TASK OBJECTIVE |
Output each record below exactly. No images go in the copy.

Start of MATERIAL SHOWN

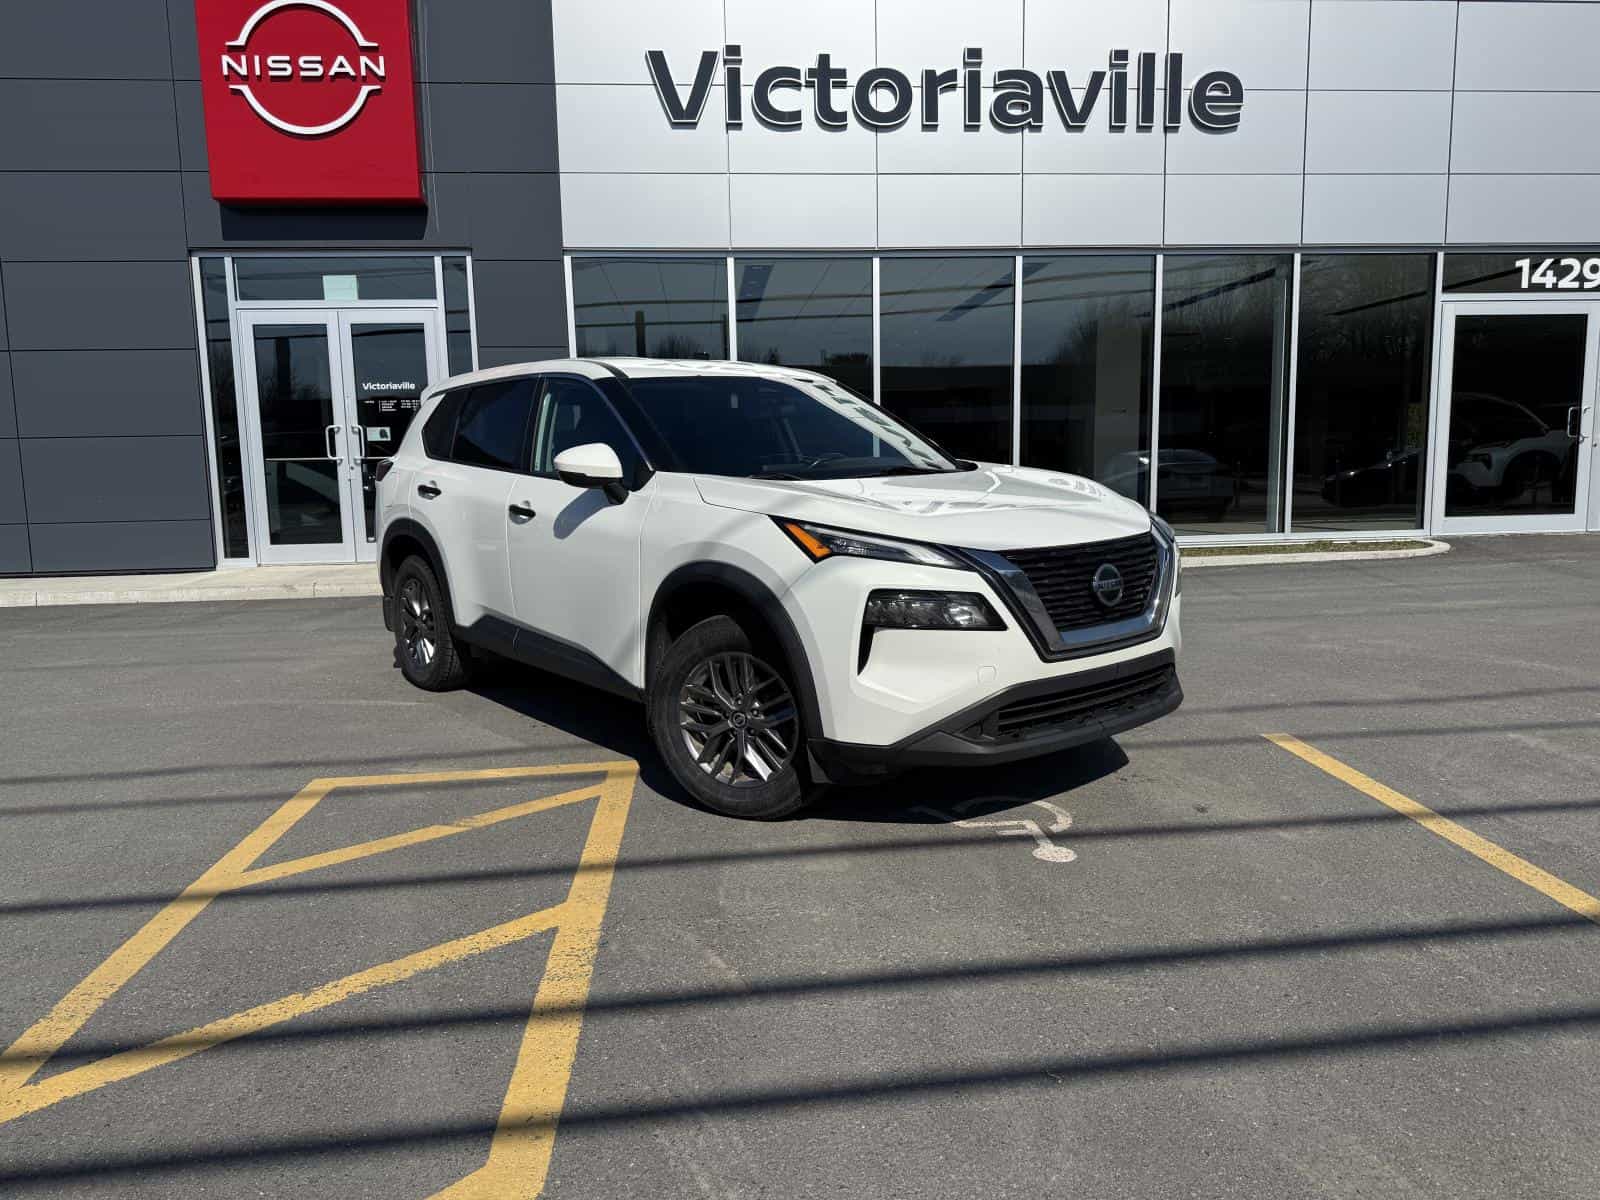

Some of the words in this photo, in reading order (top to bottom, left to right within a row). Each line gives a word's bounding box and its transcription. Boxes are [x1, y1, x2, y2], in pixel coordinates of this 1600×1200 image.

[221, 54, 386, 77] NISSAN
[645, 44, 1244, 131] Victoriaville
[1515, 257, 1600, 289] 1429
[362, 382, 416, 390] Victoriaville
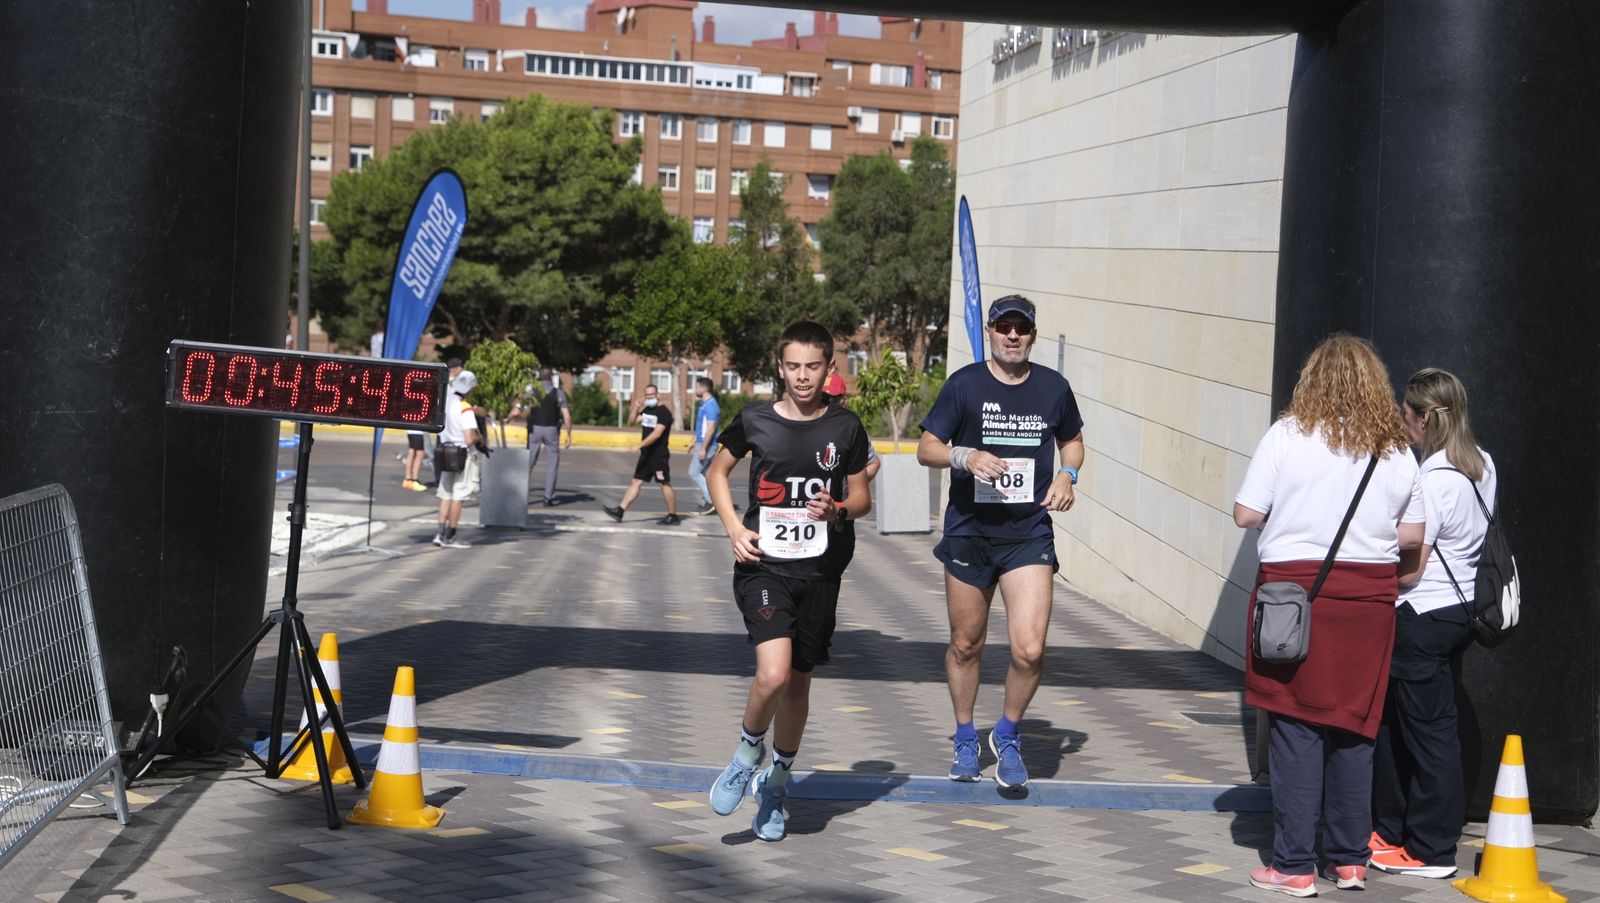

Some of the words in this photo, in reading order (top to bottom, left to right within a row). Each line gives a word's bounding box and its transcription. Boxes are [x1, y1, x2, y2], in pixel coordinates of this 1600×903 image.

[182, 351, 432, 421] 00:45:45
[982, 413, 1007, 421] Medio
[1009, 414, 1042, 422] Maratón
[982, 420, 1017, 430] Almería
[775, 524, 816, 541] 210
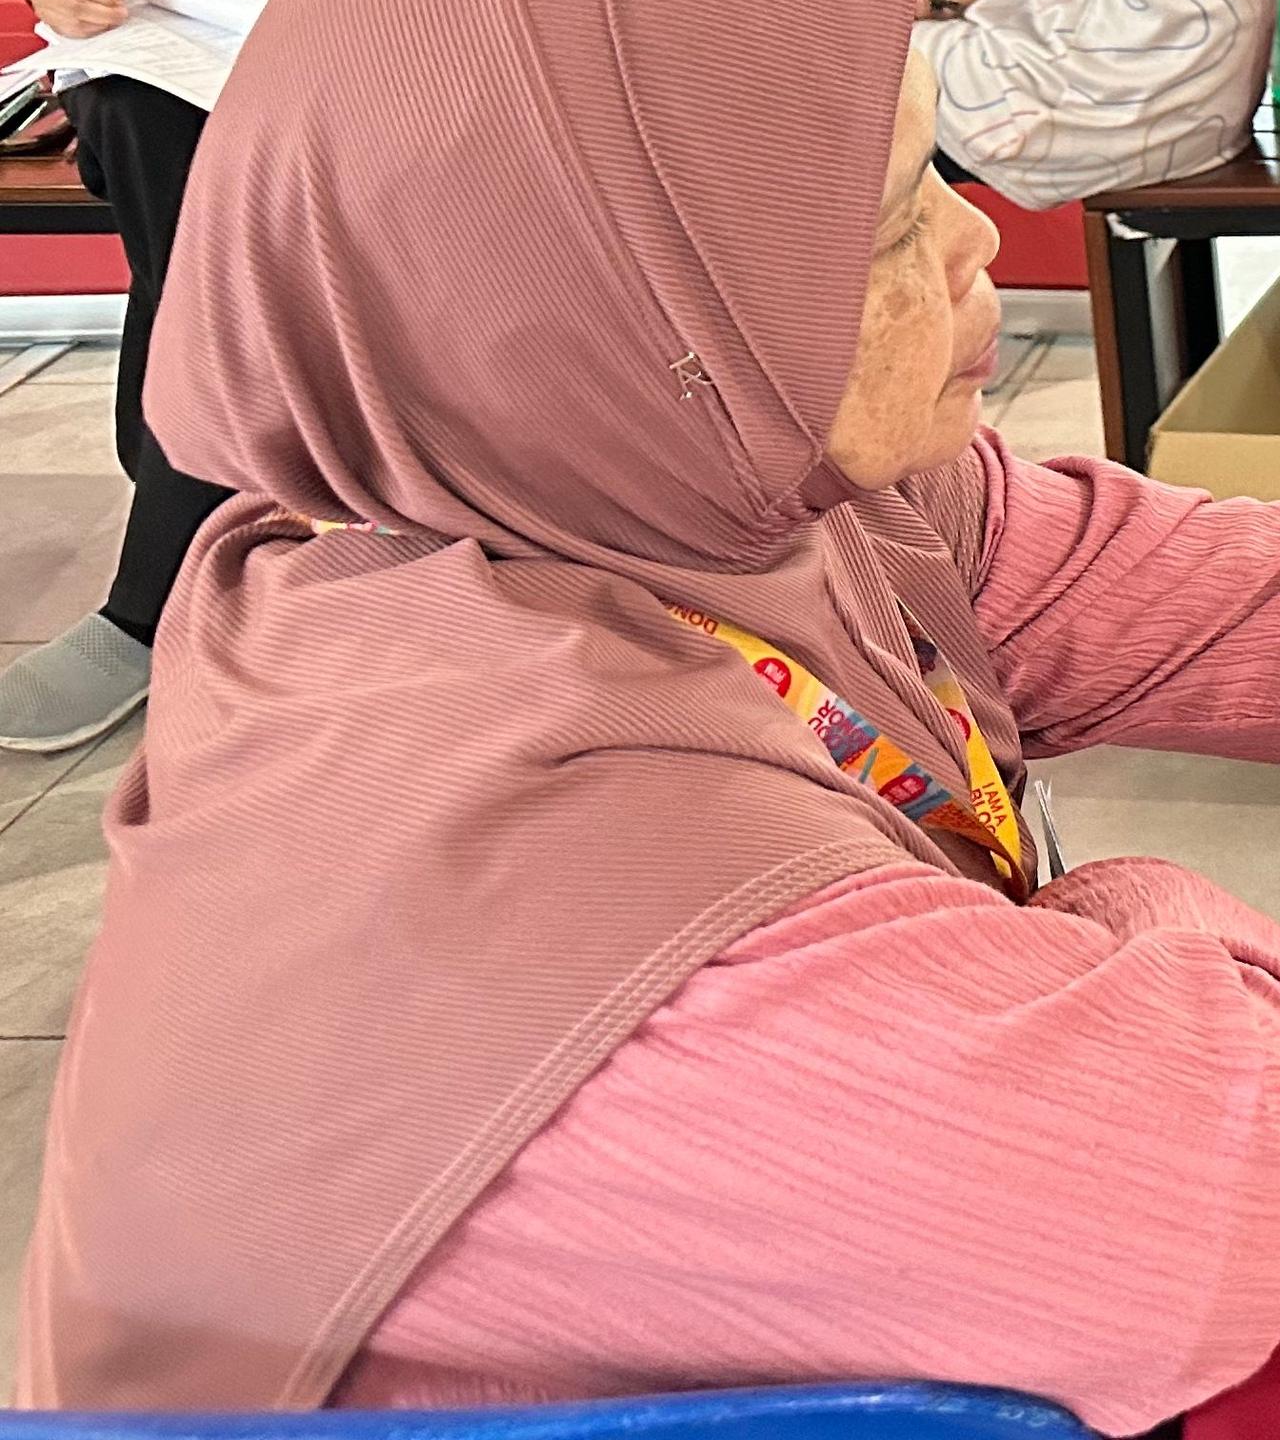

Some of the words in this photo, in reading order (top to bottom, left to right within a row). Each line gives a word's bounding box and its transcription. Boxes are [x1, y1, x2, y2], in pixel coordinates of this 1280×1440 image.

[982, 781, 995, 789] I
[984, 791, 1004, 813] AM
[994, 814, 1007, 827] A
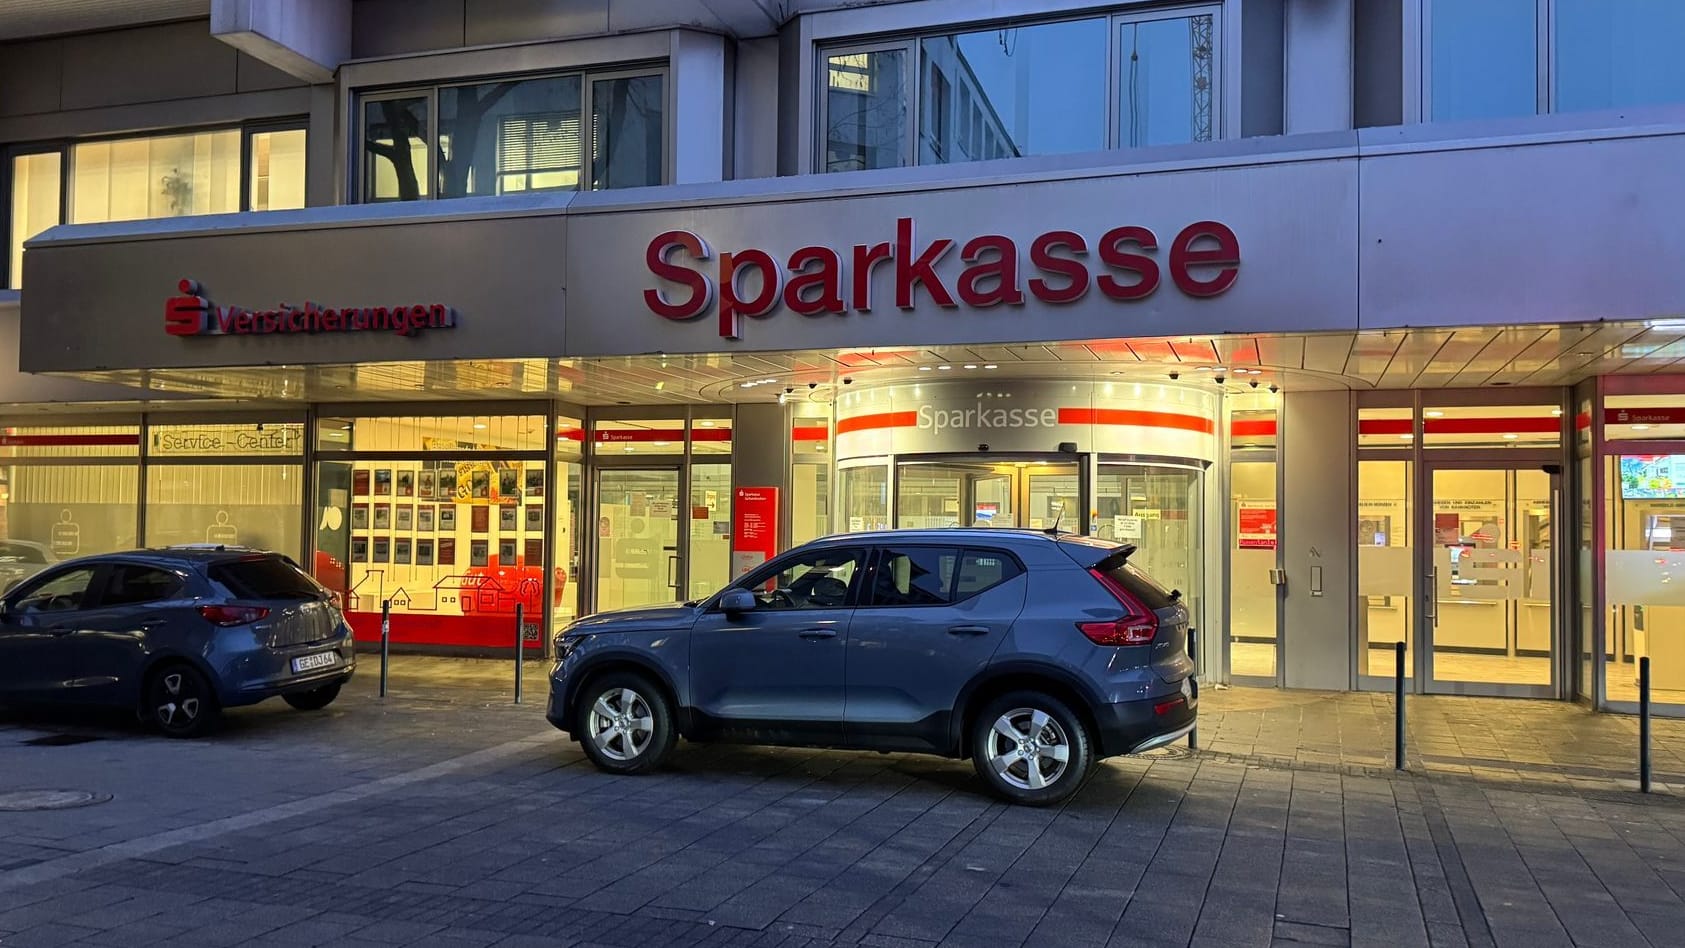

End of MATERIAL SHOWN

TASK OUTPUT |
Some of the words in this photo, in reading order (top to bottom, left to right within a row). Each line gives a word's bounding box and its transcription. Boxes are [x1, y1, x2, y2], in pixel coordinates of this 1600×1200 image.

[221, 54, 386, 77] NISSAN
[645, 44, 1244, 131] Victoriaville
[1515, 257, 1600, 289] 1429
[362, 382, 416, 390] Victoriaville

Some of the words in this photo, in reading order (top to bottom, left to right within a row). Each line gives a word's bounding box and its transcription. Boxes are [x1, y1, x2, y2], in pixel coordinates of this 1600×903 image.

[182, 351, 432, 421] 00:45:45
[982, 413, 1007, 421] Medio
[1009, 414, 1042, 422] Maratón
[982, 420, 1017, 430] Almería
[775, 524, 816, 541] 210

Some of the words in this photo, in reading order (top to bottom, left to right within a row). Each line gives a word's bounding box and its transcription. Boxes are [x1, y1, x2, y2], in pixel coordinates of this 1280×1440 image.

[982, 781, 995, 789] I
[984, 791, 1004, 813] AM
[994, 814, 1007, 827] A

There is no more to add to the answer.